Premise: In this young-adult dystopian novel, people can no longer die. But they still feel pain, and suffer--and it's maddening. Because of the chaos that ensued, the US Government created a program to figure out how to kill people. When Garrett, a teenager, falls into a coma for weeks as a result of an experiment, the Program sets its malicious sights on him.

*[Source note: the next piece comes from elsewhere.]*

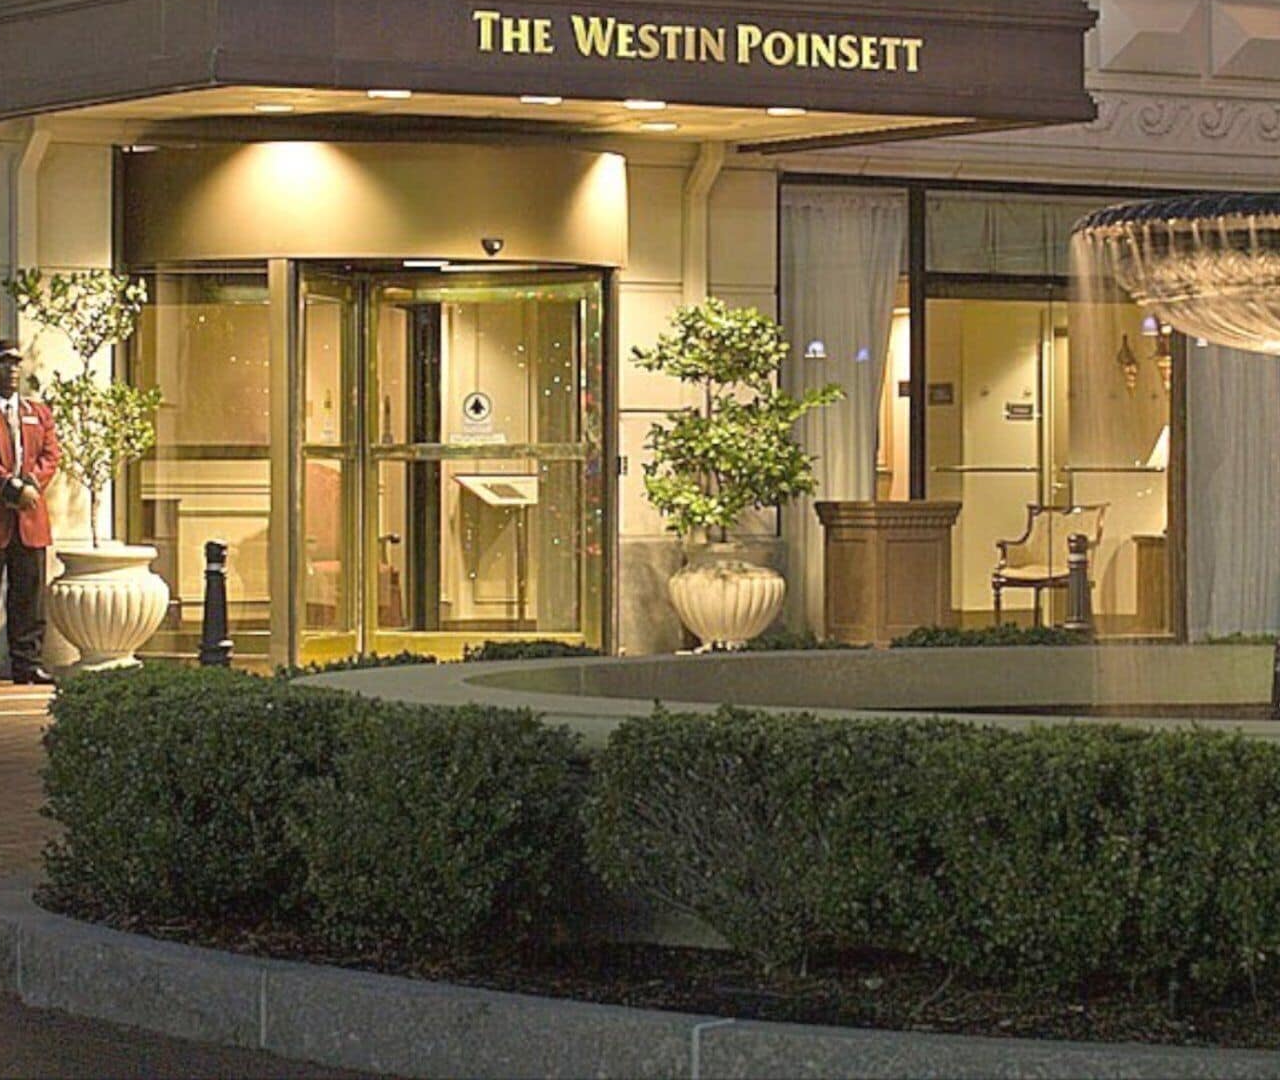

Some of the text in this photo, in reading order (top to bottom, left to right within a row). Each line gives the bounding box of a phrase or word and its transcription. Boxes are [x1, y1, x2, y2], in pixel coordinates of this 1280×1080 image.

This is the thirty-seventh chapter of the novel, Mortal. Click here for the beginning of the story. Or, click here to view all chapters.

Sweat slicks the gun in my hand, making my grip all the more precarious. I tighten my grasp. The Secretary walks in front of me, back tense and with his head titled towards his shoulder as if to keep a slight eye on me. I don’t blame him. I keep thinking how easy it would be, to lift the gun, pull the trigger, send the man’s world into oblivion. My chest strains, my head throbs with the undeniable need. But I can’t. In the end, it would solve nothing. And we have a common enemy.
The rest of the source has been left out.